Elle est particulièrement moderne pour l’époque, particulièrement du point de vue du droit des femmes. Rien d’étonnant quand on connaît l’indépendance et la liberté d’Éléonore, la grande ordonnatrice de ce texte, du moins dans sa forme définitive.
Exhaustive et efficace, elle restera en vigueur jusqu’au début du XIXe siècle (elle n’est remplacée qu’en 1827 par le code de Charles-Félix de Savoie).
Sommaire
La Carta de logu : un code rural, civil et juridique au XIVe siècle
Composée de 198 chapitres, la Carta de logu couvrait un large éventail de sujets, dont le droit de propriété, les contrats, le mariage, les successions, la responsabilité civile et pénale, et d’autres aspects de la vie sociale et juridique.
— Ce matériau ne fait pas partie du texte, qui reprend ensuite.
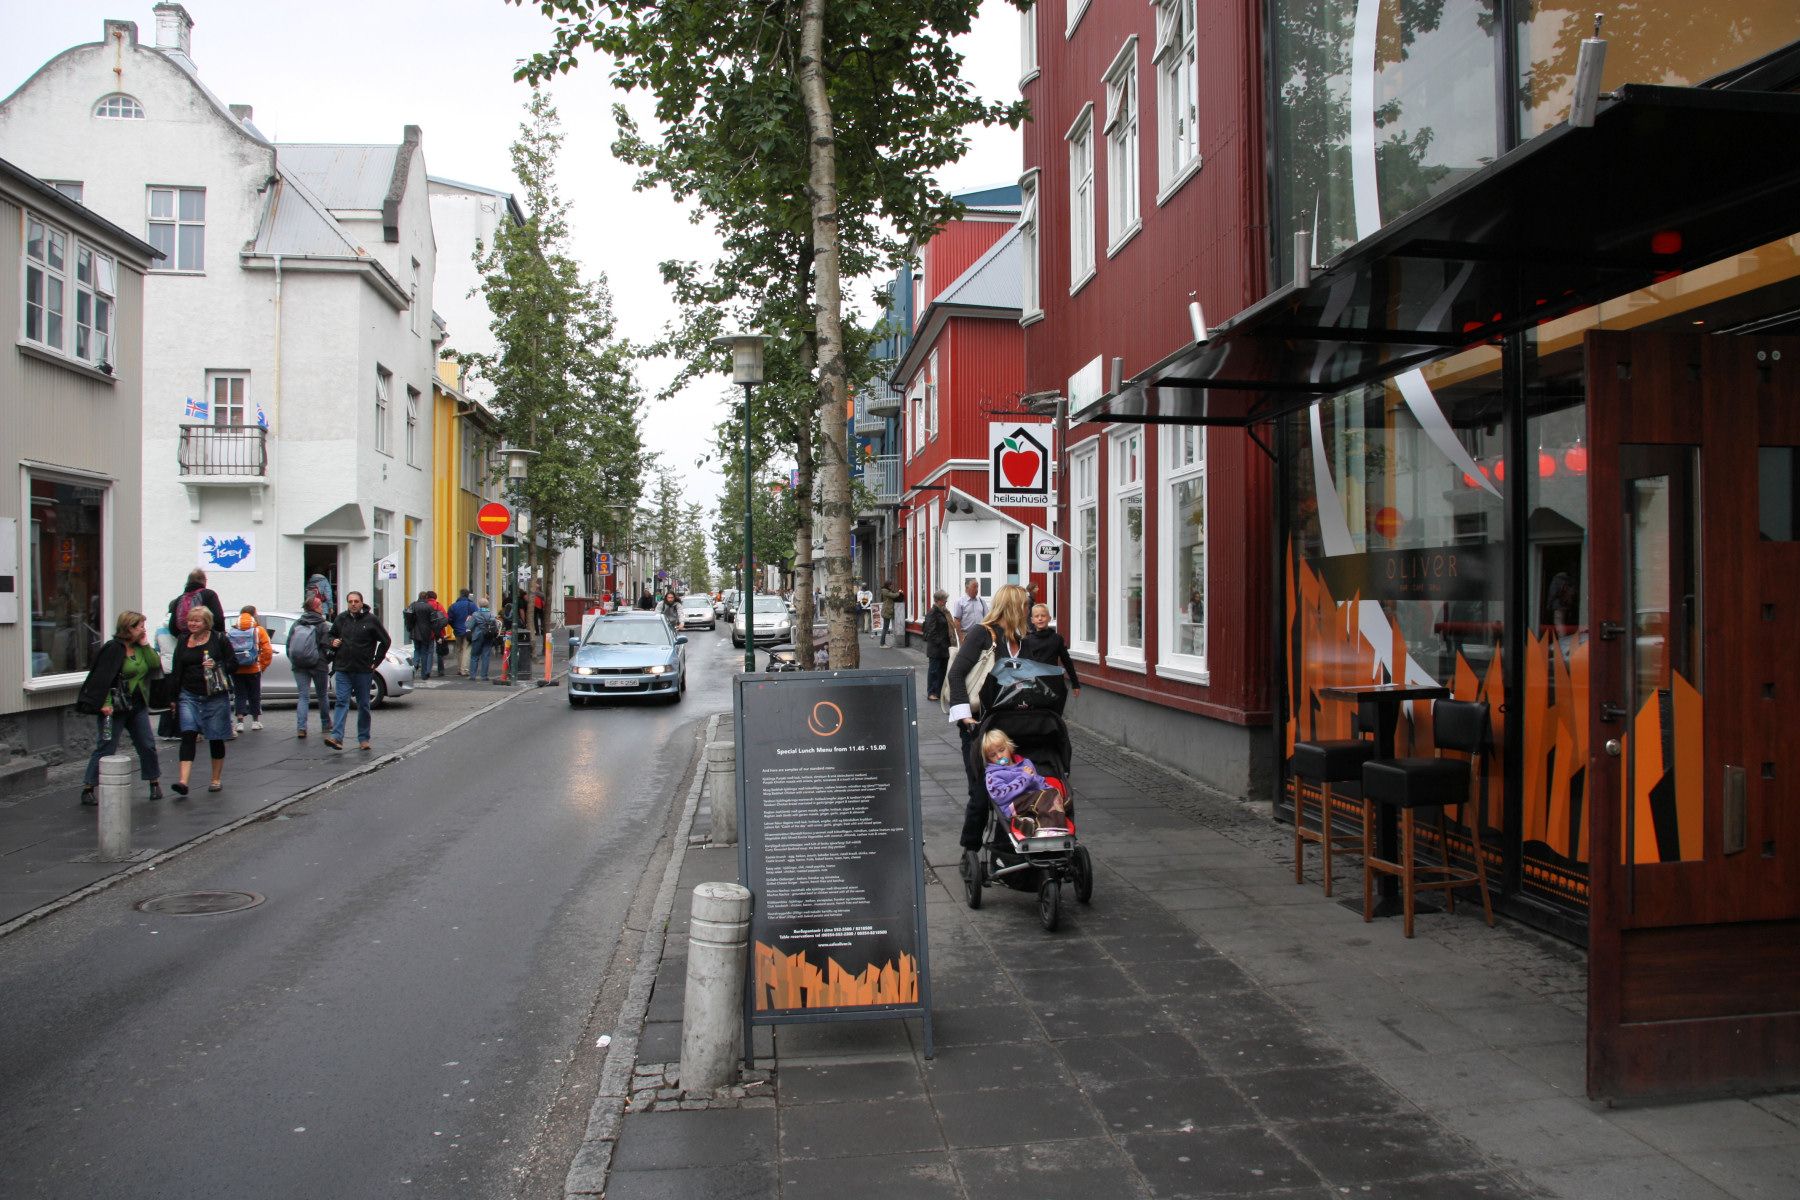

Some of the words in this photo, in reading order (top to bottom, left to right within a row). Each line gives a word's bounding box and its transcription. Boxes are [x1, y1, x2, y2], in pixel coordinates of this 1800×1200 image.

[776, 748, 798, 756] Special
[798, 747, 816, 755] Lunch
[816, 746, 833, 754] Menu
Elle était destinée à établir un système juridique cohérent pour la Sardaigne et à garantir la justice et l’équité dans le traitement des affaires légales.
La Carta de logu a été un document juridique important dans l’histoire de la Sardaigne, et, même si elle a subi des modifications au fil du temps, elle a joué un rôle clef dans la préservation des droits et des coutumes locaux. Elle est souvent considérée comme un élément central du patrimoine juridique et culturel de la Sardaigne.
Le seul manuscrit existant se trouve à la bibliothèque universitaire de Cagliari.
L’influence du Code de Justinien dans la méditerranée médiévale
Satellite excentré de l’Empire byzantin, la Sardaigne est dirigée au Moyen Âge par un judex provinciae, institué par ce même Empire romain. Quand ce dernier découpe la Sardaigne en judicats, au Xe siècle, le droit byzantin qui s’applique dans l’Empire est encore le Corpus juris civilis (« corpus de droit civil »), instauré par Justinien au VIe siècle. Ce code, dit de Justinien, fait référence à la compilation de lois et de décrets émis par l’empereur byzantin Justinien Ier. Il a joué un rôle crucial dans le développement du système juridique romain et a influencé de manière significative le droit civil européen.
En effet, le Code de Justinien a été promulgué entre 529 et 534, en deux phases, sous la supervision directe de l’empereur qui lui a donné son nom. Il a compilé et organisé les lois romaines existantes, dont certaines remontaient à la république romaine, en un ensemble cohérent et systématique. Le Corpus juris civilis se compose de quatre parties principales.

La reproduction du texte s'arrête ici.